JoshuaDavid 6 days ago

I suspect what's happening is that lots of people have a collection of questions / private evals that they've been testing on every new model, and when a new model comes out it sometimes can answer a question that previous models couldn't. So that selects for questions where the new model is at the edge of its capabilities and probably got lucky. But when you come up with a new question, it's generally going to be on the level of the questions the new model is newly able to solve.
Like I suspect if there was a "new" model which was best-of-256 sampling of gpt-3.5-turbo that too would seem like a really exciting model for the first little bit after it came out, because it could probably solve a lot of problems current top models struggle with (which people would notice immediately) while failing to do lots of things that are a breeze for top models (which would take people a little bit to notice).
nabla9 6 days ago
It seems that least Google is overselling their compute capacity.
You pay monthly fee, but Gemini is completely jammed 5-6 hours when North America is working.
- baq 6 days ago
  
  Gemini is simply that good. I’m trying out Claude 4 every now and then and go back to Gemini to fix its mess…
  
  10 replies →
- edzitron 6 days ago
  
  When you say "jammed," how do you mean?
JamesBarney 6 days ago

I'm pretty sure this is just a psychological phenomenon. When a new model is released all the capabilities the new model has that the old model lacks are very salient. This makes it seem amazing. Then you get used to the model, push it to the frontier, and suddenly the most salient memories of the new model are it's failures.
There are tons of benchmarks that don't show any regressions.
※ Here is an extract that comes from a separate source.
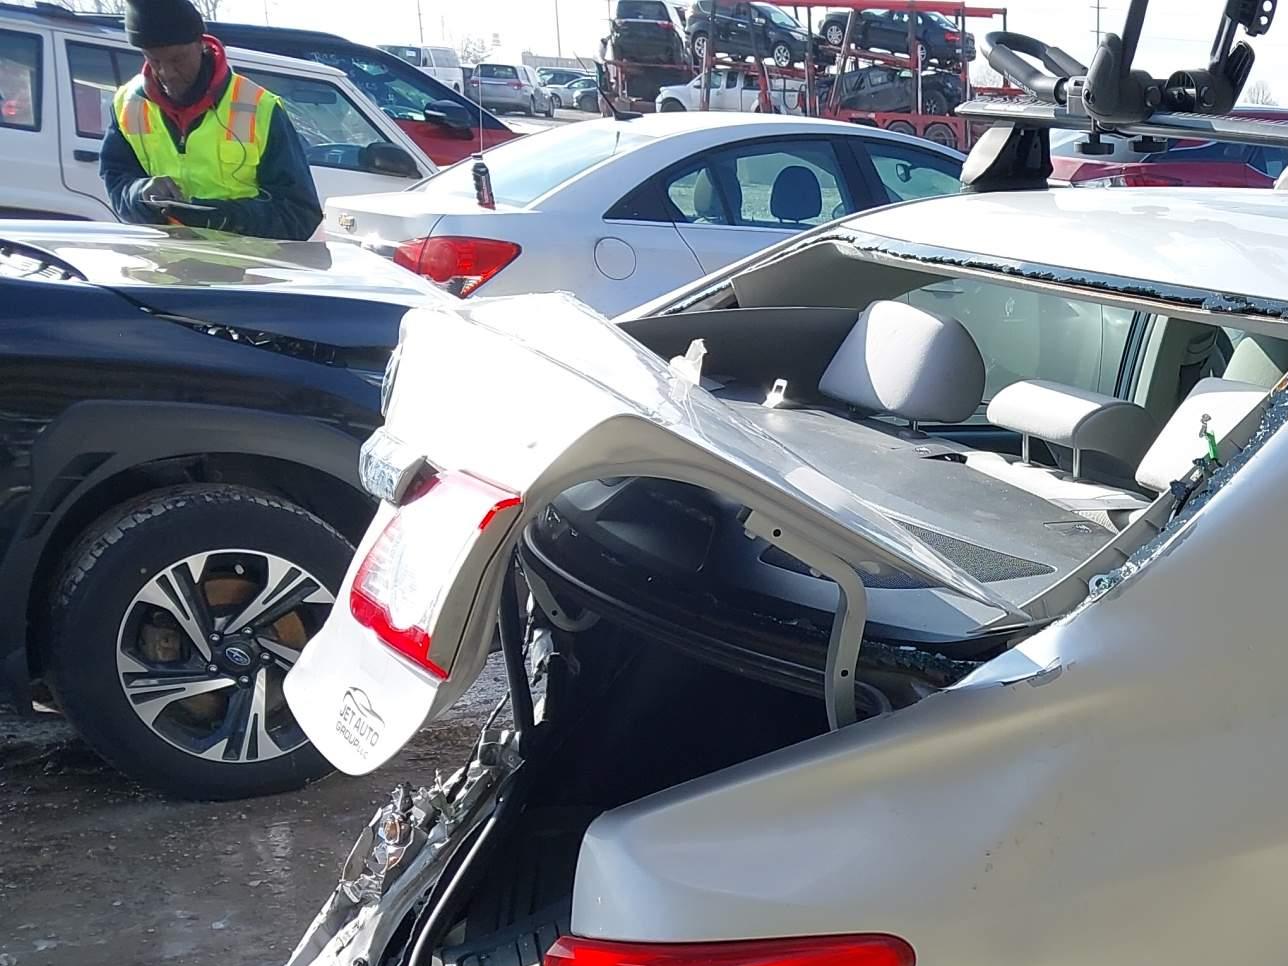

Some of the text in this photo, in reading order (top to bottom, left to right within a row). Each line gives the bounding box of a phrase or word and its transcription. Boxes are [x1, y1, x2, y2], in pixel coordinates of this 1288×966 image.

Even small and unpublished ones rarely show regressions.
mhitza 6 days ago
That was my suspicion when I first deleted my account, when it felt the output got worse in ChatGPT and I found highly suspicious when I saw an errand davinci model keyword in the chatgpt url.
Now I'm feeling similarly with their image generation (which is the only reason I created a paid account two months ago, and the output looks more generic by default).
- beering 6 days ago
  
  Are you able to quantify how quickly your perception gets skewed by how long you use the models?
  
  1 reply →
beering 6 days ago

It’s easy to measure the models getting worse, so you should be suspicious that nobody who claims this has scientific evidence to back it up.
solfox 6 days ago

I have seen this behavior as well.
codr7 6 days ago
[flagged]
- daseiner1 6 days ago
  
  It's still a very competitive marketplace
- mathgradthrow 6 days ago
  
  honestly refreshing take.
- bboygravity 6 days ago
  
  But OpenAI breathes honesty. They're open source! They would never do such a thing. /s

tedsanders 6 days ago

It's the same model, no quantization, no gimmicks.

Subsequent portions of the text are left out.